───── Task material ─────
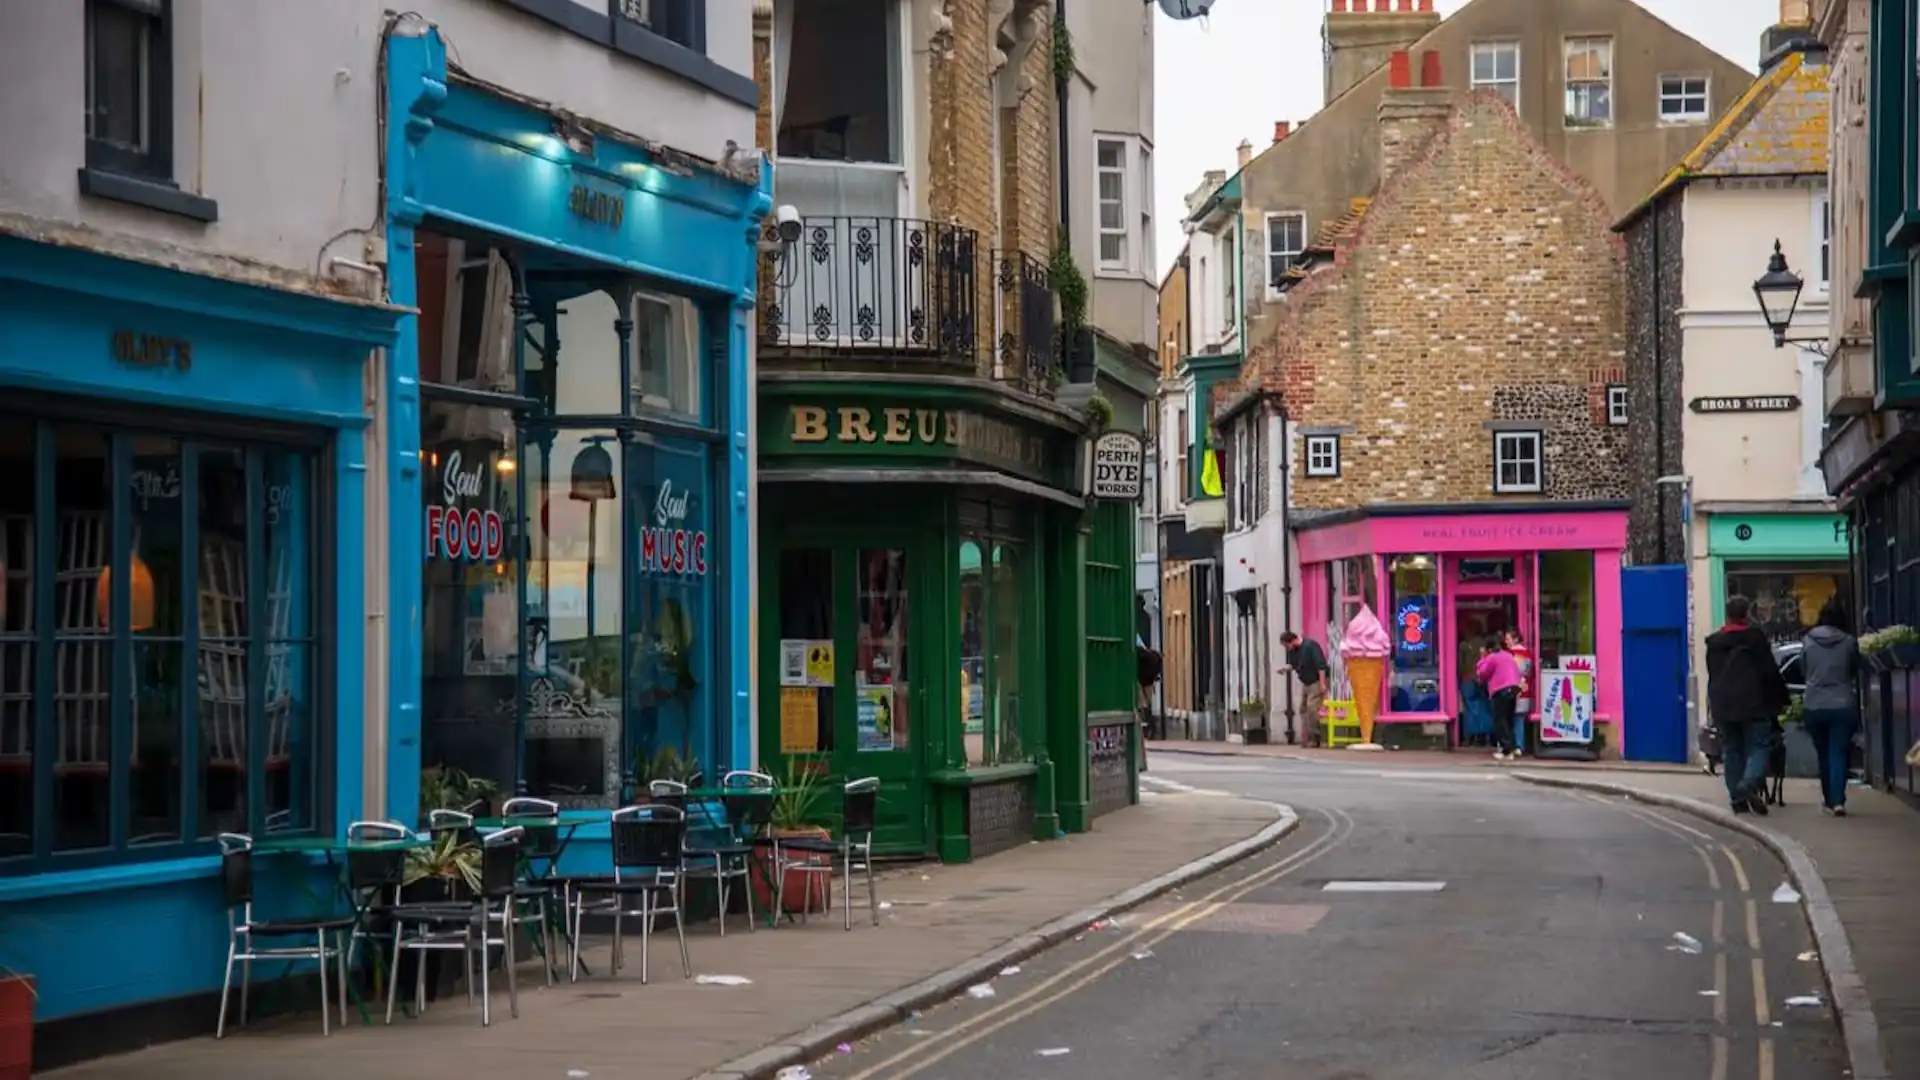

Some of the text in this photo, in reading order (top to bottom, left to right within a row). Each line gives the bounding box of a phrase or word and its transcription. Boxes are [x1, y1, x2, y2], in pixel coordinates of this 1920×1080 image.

[1701, 398, 1790, 409] BROAD STREET
[1098, 450, 1139, 461] PERTH
[443, 450, 484, 505] Soul
[1097, 465, 1137, 481] DYE
[1096, 484, 1137, 493] WORKS
[655, 479, 689, 526] Soul
[427, 505, 503, 560] FOOD
[1423, 525, 1577, 538] REAL FRUIT ICE CREAM
[640, 525, 708, 576] MUSIC
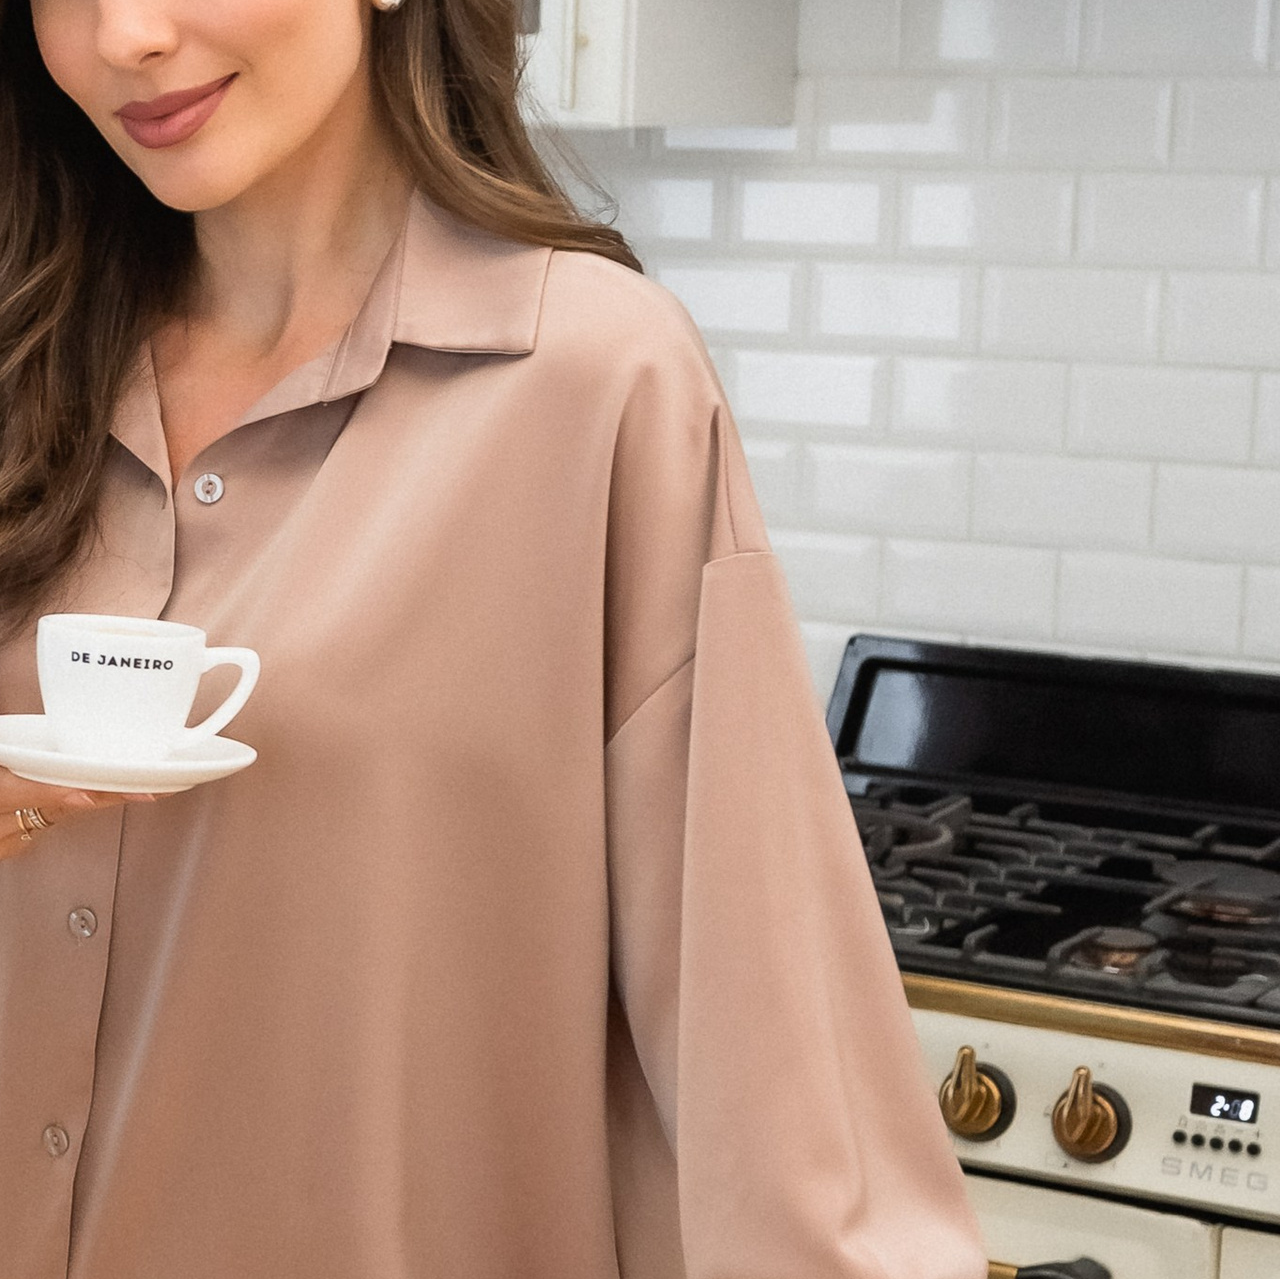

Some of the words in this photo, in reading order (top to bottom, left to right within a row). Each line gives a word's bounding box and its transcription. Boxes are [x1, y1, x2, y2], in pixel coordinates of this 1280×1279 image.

[71, 651, 91, 664] DE
[97, 654, 174, 671] JANEIRO
[1161, 1157, 1268, 1191] SMEG
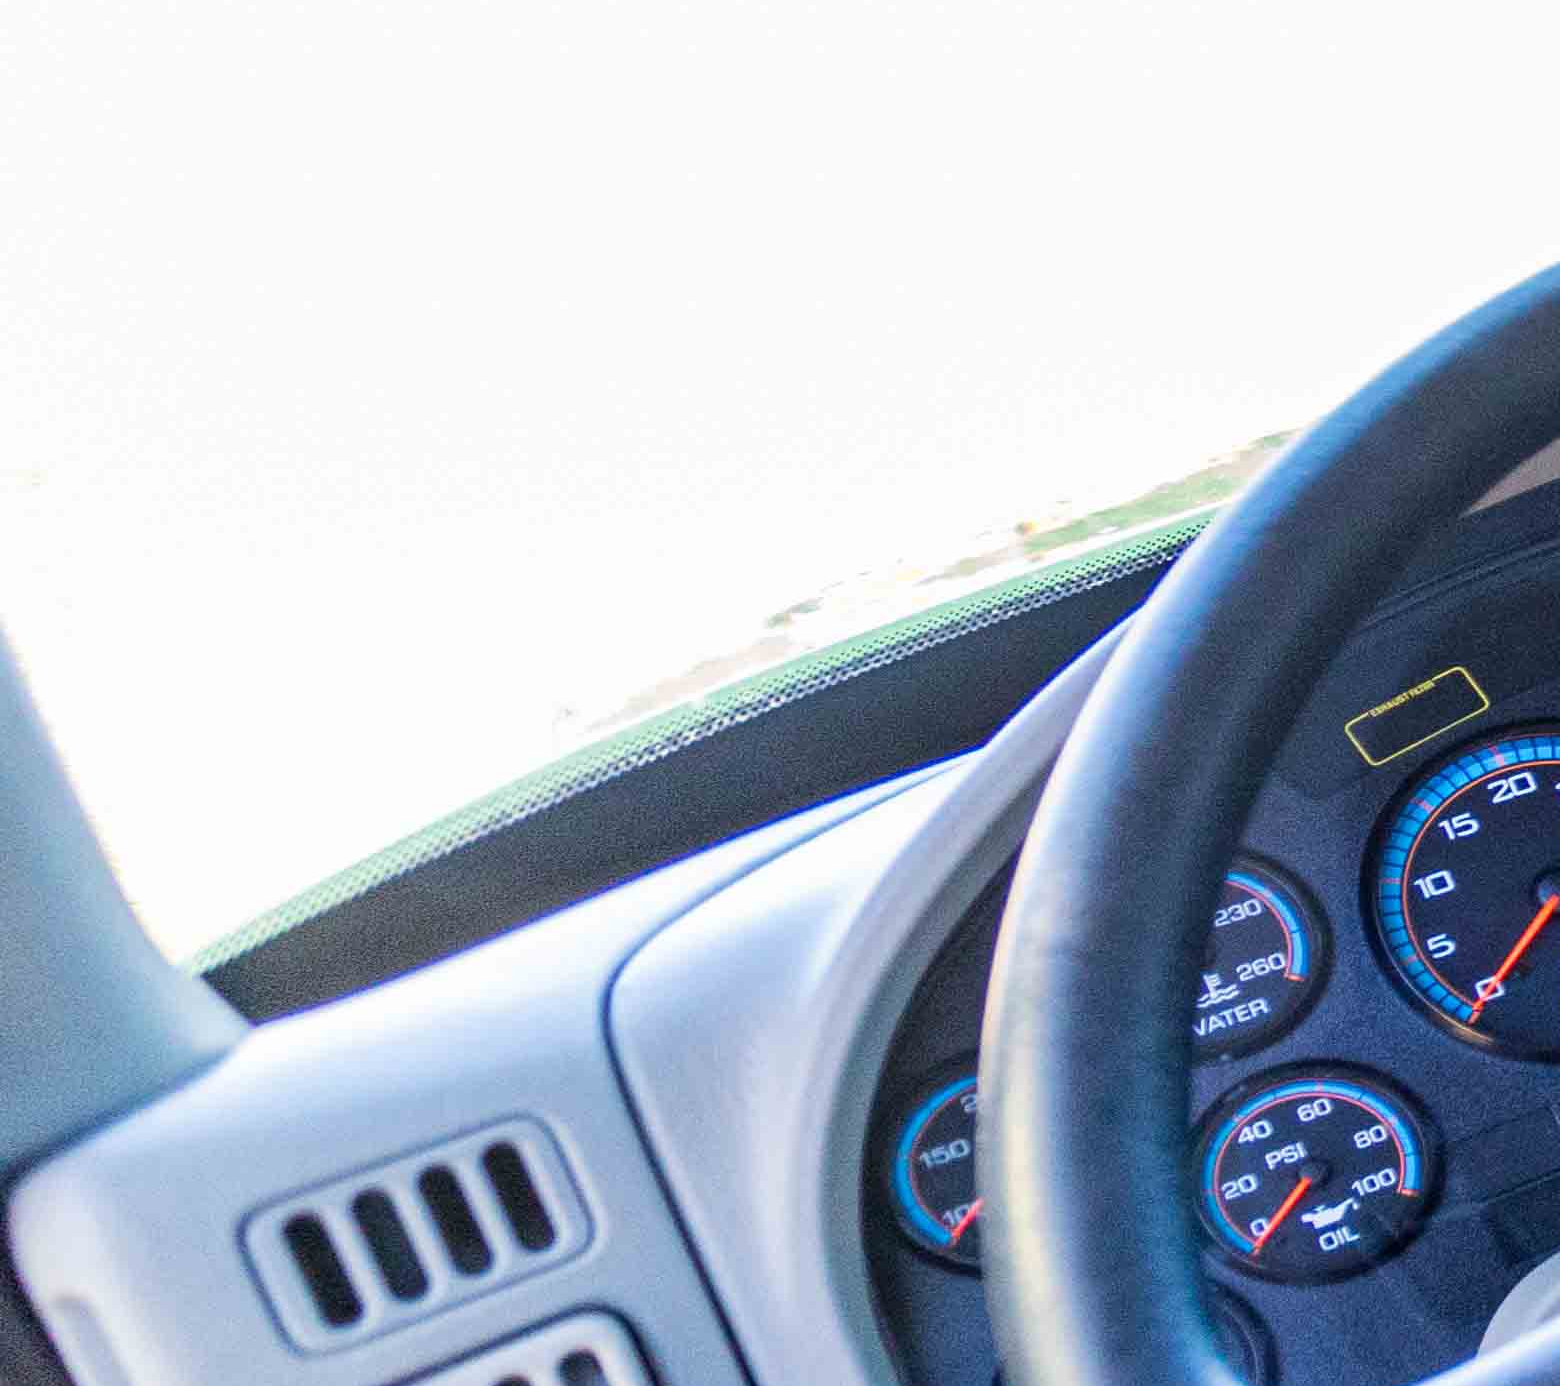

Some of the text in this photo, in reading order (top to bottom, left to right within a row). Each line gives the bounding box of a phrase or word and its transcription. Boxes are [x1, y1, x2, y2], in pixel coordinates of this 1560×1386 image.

[1487, 771, 1537, 804] 20
[1438, 812, 1479, 841] 15
[1413, 870, 1456, 899] 10
[1214, 899, 1263, 928] 230
[1426, 933, 1456, 959] 5
[1236, 952, 1286, 982] 260
[1474, 976, 1505, 1002] 0
[1297, 1098, 1333, 1122] 60
[1237, 1121, 1273, 1145] 40
[1354, 1124, 1388, 1149] 80
[920, 1139, 971, 1168] 150
[1264, 1141, 1308, 1171] PSI
[1221, 1174, 1258, 1201] 20
[1351, 1167, 1397, 1197] 100
[1250, 1218, 1270, 1238] 0
[1318, 1227, 1361, 1252] OIL
─────
◆ Requirement
Repeat the data above word for word, without pictures.

◆ Solution for this task
Some of the text in this photo, in reading order (top to bottom, left to right within a row). Each line gives the bounding box of a phrase or word and its transcription. Boxes are [x1, y1, x2, y2], in pixel coordinates of this 1920×1080 image.

[1701, 398, 1790, 409] BROAD STREET
[1098, 450, 1139, 461] PERTH
[443, 450, 484, 505] Soul
[1097, 465, 1137, 481] DYE
[1096, 484, 1137, 493] WORKS
[655, 479, 689, 526] Soul
[427, 505, 503, 560] FOOD
[1423, 525, 1577, 538] REAL FRUIT ICE CREAM
[640, 525, 708, 576] MUSIC

Some of the words in this photo, in reading order (top to bottom, left to right within a row). Each line gives a word's bounding box and its transcription. Boxes are [x1, y1, x2, y2], in pixel coordinates of this 1280×1279 image.

[71, 651, 91, 664] DE
[97, 654, 174, 671] JANEIRO
[1161, 1157, 1268, 1191] SMEG

Some of the text in this photo, in reading order (top to bottom, left to right within a row). Each line gives the bounding box of a phrase or word and its transcription. Boxes are [x1, y1, x2, y2], in pixel coordinates of this 1560×1386 image.

[1487, 771, 1537, 804] 20
[1438, 812, 1479, 841] 15
[1413, 870, 1456, 899] 10
[1214, 899, 1263, 928] 230
[1426, 933, 1456, 959] 5
[1236, 952, 1286, 982] 260
[1474, 976, 1505, 1002] 0
[1297, 1098, 1333, 1122] 60
[1237, 1121, 1273, 1145] 40
[1354, 1124, 1388, 1149] 80
[920, 1139, 971, 1168] 150
[1264, 1141, 1308, 1171] PSI
[1221, 1174, 1258, 1201] 20
[1351, 1167, 1397, 1197] 100
[1250, 1218, 1270, 1238] 0
[1318, 1227, 1361, 1252] OIL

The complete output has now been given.